Associate Professor of Computer Science Sorelle Friedler is interested in fairness. Since 2014, she has been researching the potential discriminatory impacts of algorithms and trying to understand how to mitigate them. This work has important implications beyond the field of computer science as algorithms are increasingly used to make life-altering, everyday decisions about hiring, policing, housing, and loans.
Until now, Friedler’s work—done in collaboration with the University of Utah’s Suresh Venkatasubramanian, the University of Arizona’s Carlos Scheidegger, and generations of Haverford students—has focused on machine learning algorithms built on data “one could imagine as stored in a spreadsheet,” said Friedler. But now she and her team have joined with Haverford alum Aaron Clauset ’01 of the University of Colorado to expand their discriminatory algorithm research to social networks. The National Science Foundation (NSF) recently awarded them funding for this work.
“We know that many people learn about and get jobs by networking; a parent's friend mentions the job to you or an alum sends in your resume with a personal note,” said Friedler. “We also know that people who are demographically similar to each other are more likely to have ties to each other in a social network. Does this mean that these social network processes for distributing information about jobs are discriminatory? And how could we make sure that everyone who is qualified has equal access to information about a job? These are the types of questions we'll be exploring for this project.”

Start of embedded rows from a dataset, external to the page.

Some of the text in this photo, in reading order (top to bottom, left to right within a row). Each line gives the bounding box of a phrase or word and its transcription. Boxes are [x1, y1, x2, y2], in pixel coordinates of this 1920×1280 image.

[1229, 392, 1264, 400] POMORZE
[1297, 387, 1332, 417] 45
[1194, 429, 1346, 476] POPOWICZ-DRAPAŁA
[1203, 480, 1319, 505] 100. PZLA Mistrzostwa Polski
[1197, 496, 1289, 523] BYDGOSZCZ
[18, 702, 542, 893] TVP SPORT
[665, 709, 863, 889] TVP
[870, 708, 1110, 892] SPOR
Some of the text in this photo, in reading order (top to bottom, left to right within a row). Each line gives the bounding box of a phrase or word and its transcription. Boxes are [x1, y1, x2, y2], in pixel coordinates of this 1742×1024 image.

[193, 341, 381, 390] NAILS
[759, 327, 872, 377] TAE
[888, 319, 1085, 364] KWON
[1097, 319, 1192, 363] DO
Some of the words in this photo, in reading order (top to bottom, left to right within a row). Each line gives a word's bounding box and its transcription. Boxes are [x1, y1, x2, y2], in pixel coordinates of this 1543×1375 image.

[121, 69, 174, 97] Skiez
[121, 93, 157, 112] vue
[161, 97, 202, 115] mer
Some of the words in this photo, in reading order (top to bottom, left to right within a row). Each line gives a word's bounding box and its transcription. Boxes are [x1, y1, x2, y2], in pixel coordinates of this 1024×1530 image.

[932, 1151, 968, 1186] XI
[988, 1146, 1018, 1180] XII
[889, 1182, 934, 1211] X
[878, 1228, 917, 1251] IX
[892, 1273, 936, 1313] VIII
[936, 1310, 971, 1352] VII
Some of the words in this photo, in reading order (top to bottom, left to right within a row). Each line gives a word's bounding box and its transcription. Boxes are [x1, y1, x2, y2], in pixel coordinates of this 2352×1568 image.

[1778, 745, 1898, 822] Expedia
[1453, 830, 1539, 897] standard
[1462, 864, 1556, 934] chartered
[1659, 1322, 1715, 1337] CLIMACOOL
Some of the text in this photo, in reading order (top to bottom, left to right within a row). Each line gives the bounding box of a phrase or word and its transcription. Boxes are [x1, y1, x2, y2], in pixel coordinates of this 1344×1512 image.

The project, which the NSF is supporting with a $128,670 grant, will include the development of novel mathematical and computational models that characterize how differences in position in social networks can amplify inequalities in access, as well as the design of techniques to change the structure of the network to increase the flow of information and reduce the overall inequities.
Clauset, an internationally recognized expert in data science and network science, is “thrilled” to be collaborating with a scientist from his alma mater for the first time. When he attended Haverford as a physics major, he only concentrated in computer science as the College didn’t yet offer a major.
“My part of the project focuses on understanding how the shape of real-world social networks structures the way information can flow across it in unequal ways, so that, for instance, some people might hear about job opportunities earlier than others simply because of where they 'sit' in the social network,” he said. “I'll be helping the team evaluate the theoretical claims about fairness and information on these realistic settings, using data science and numerical techniques. I'll also be leading an experimental section of the project, in which we set up real information flows on a social network in a laboratory setting, in order to get a clearer picture of how information inequalities emerge.”
Clauset isn’t the only Ford involved in this research. Friedler’s preliminary work on social networks and fairness included the senior thesis research of Hannah Beilinson ’20, which explored whether information access could represent an aspect of privilege. (“Hannah showed evidence in her thesis that just by looking at a social network we could find clusters of people with similar external markers of information privilege,” said Friedler.) Nasanbayar Ulzii-Orshikh '22 continued that work in Friedler’s lab this summer, and part of the NSF grant is explicitly to fund continued summer research assistance from Haverford students over the next three years.